YOUR TASK:
Could you give back every entry below exactly, with the pictures dropped?

THE DATA:

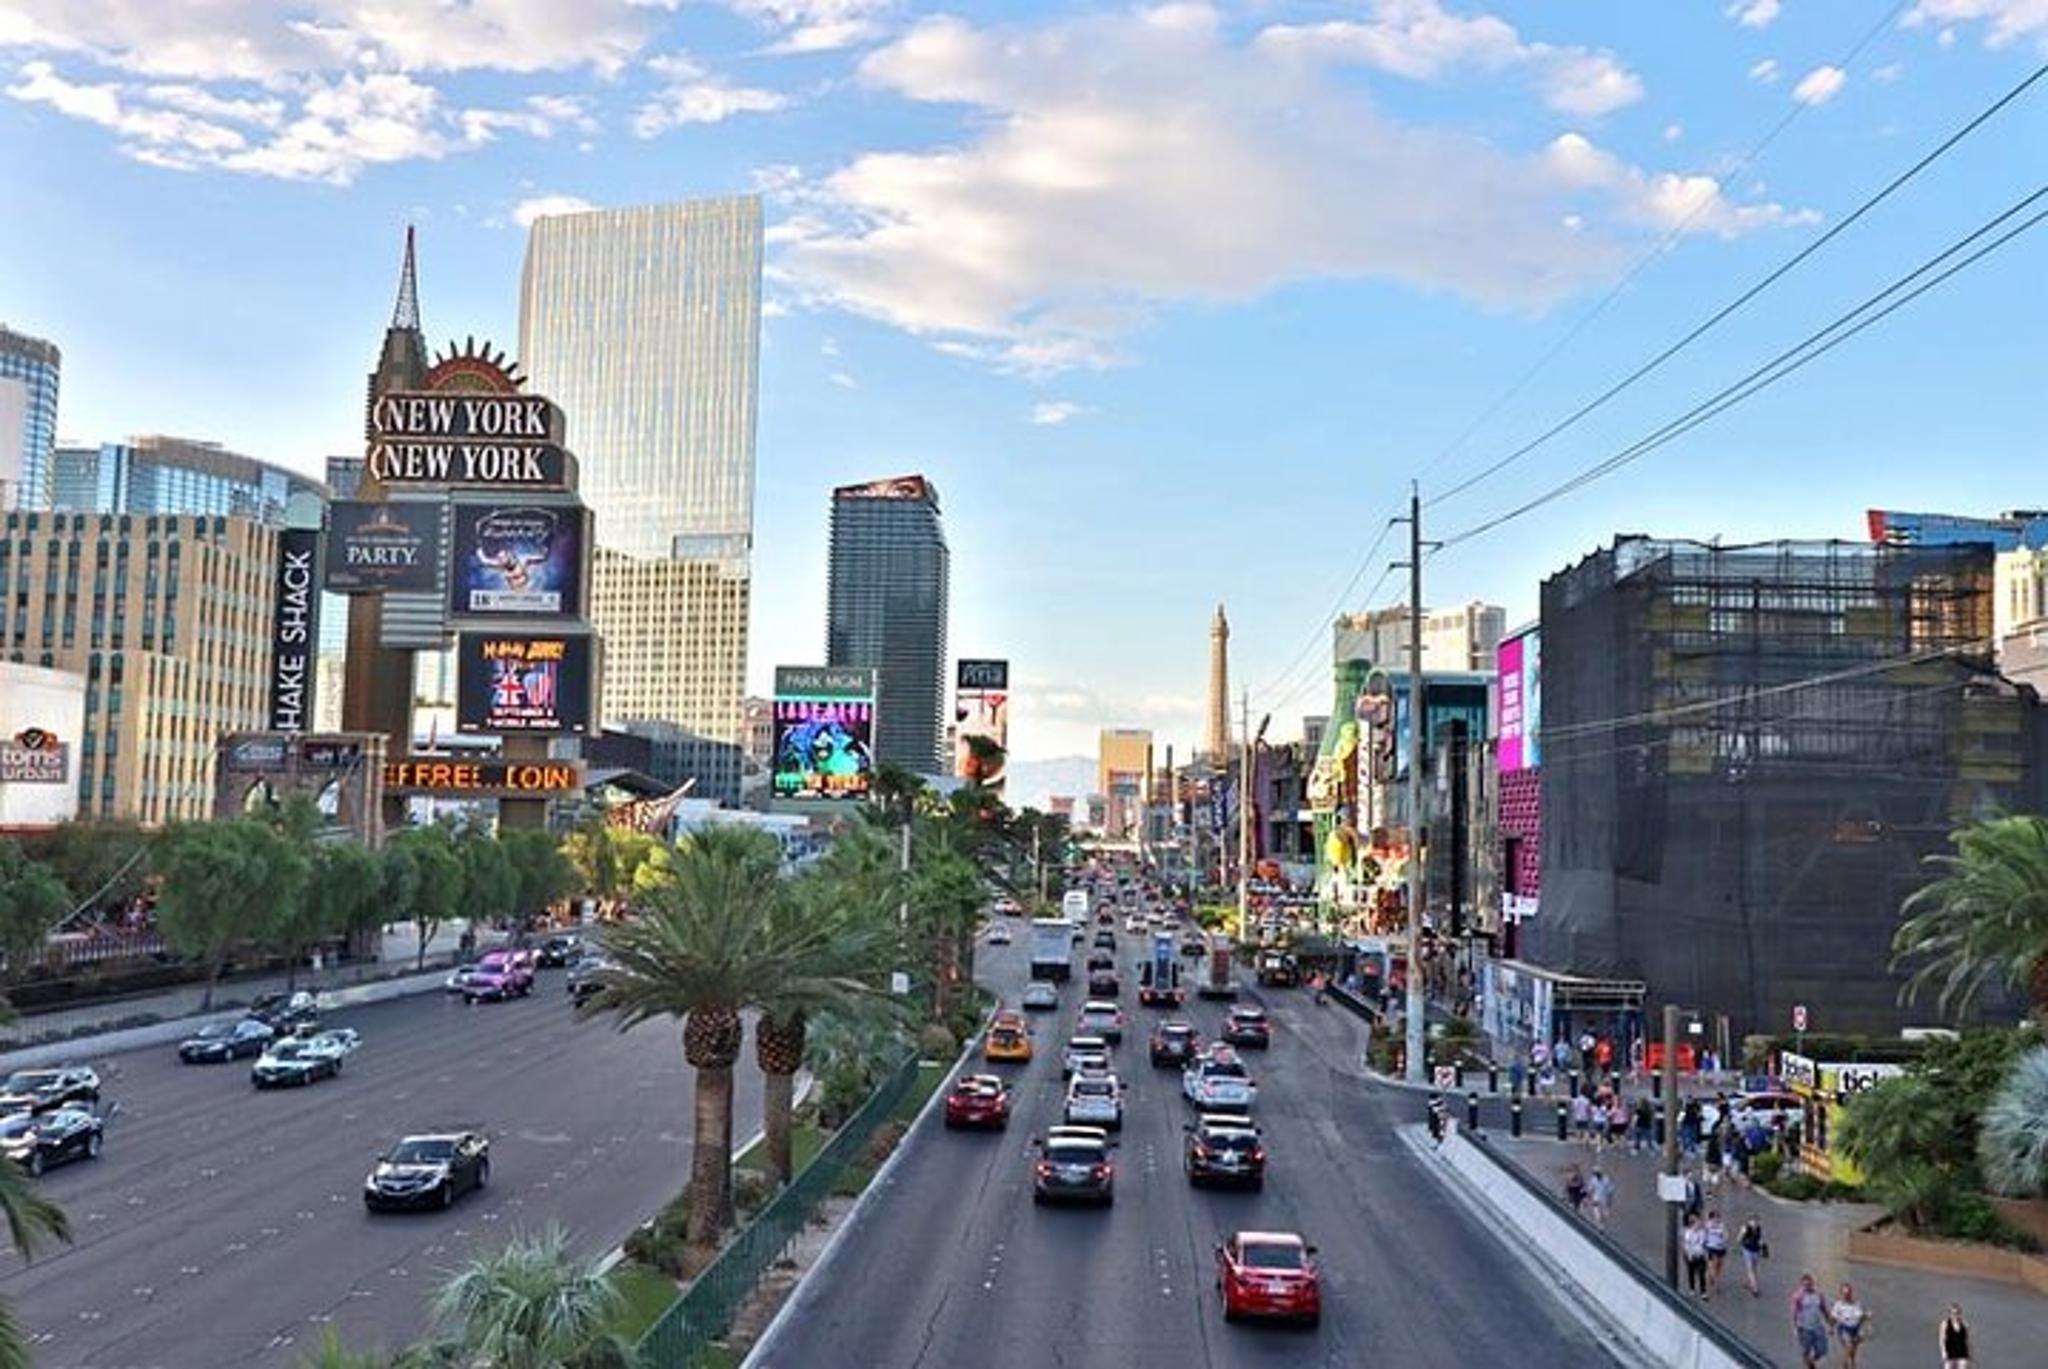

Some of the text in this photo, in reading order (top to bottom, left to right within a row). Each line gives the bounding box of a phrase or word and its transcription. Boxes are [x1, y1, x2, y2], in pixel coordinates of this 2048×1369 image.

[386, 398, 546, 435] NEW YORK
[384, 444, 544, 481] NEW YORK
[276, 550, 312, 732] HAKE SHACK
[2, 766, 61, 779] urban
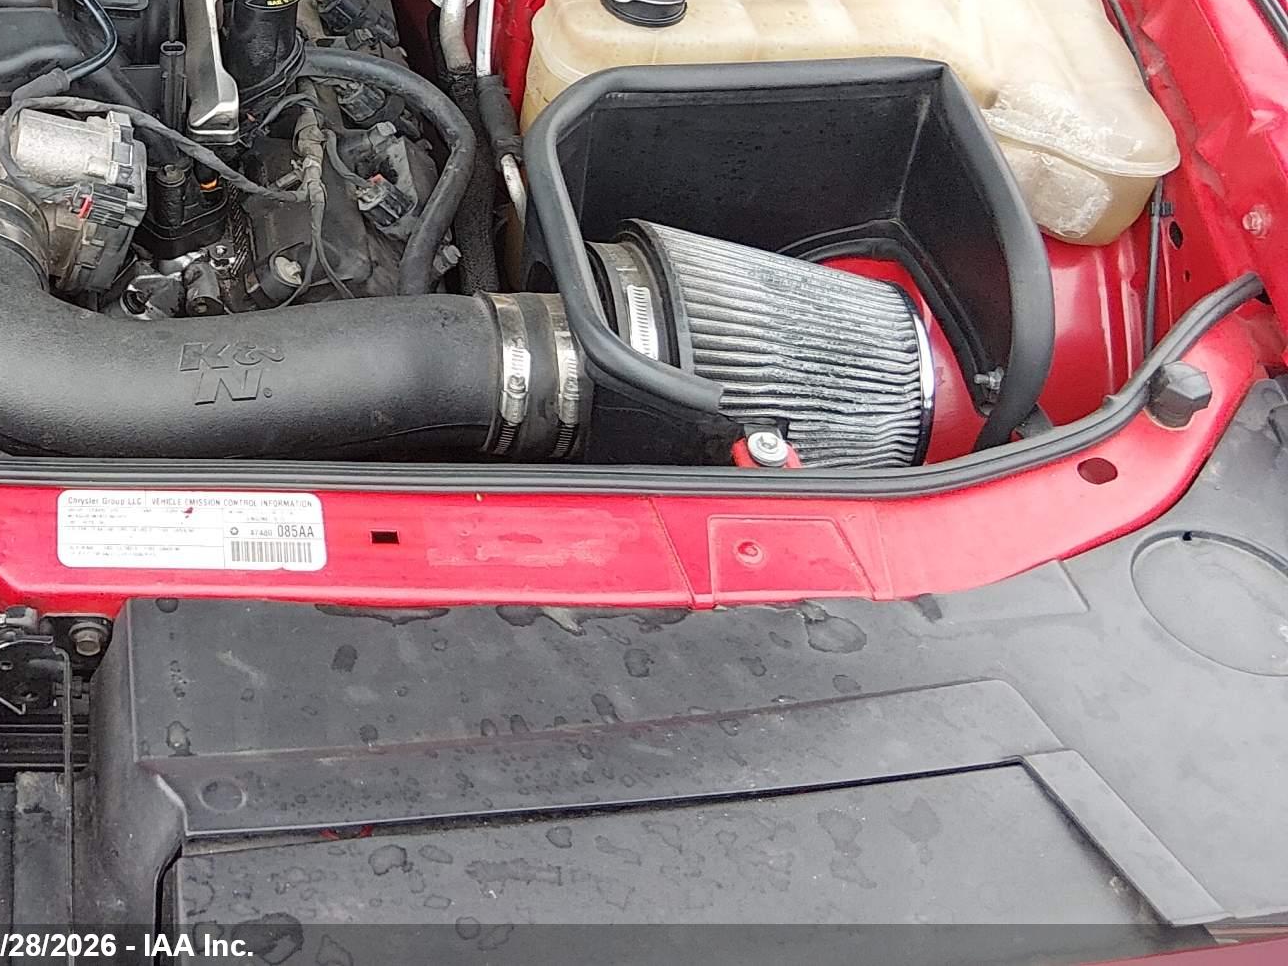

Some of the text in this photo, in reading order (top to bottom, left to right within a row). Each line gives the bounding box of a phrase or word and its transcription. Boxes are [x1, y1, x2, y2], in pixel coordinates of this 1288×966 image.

REPLY TO THE TASK:
Some of the text in this photo, in reading order (top to bottom, left to right within a row). Each line gives the bounding box of a phrase or word and its transcription. Boxes are [x1, y1, x2, y2], in pixel coordinates of this 2048×1369 image.

[386, 398, 546, 435] NEW YORK
[384, 444, 544, 481] NEW YORK
[276, 550, 312, 732] HAKE SHACK
[2, 766, 61, 779] urban

Some of the text in this photo, in reading order (top to bottom, left to right within a row). Each line gives the bounding box of a phrase or word and its transcription. Boxes are [x1, y1, x2, y2], in pixel coordinates of this 1288×966 image.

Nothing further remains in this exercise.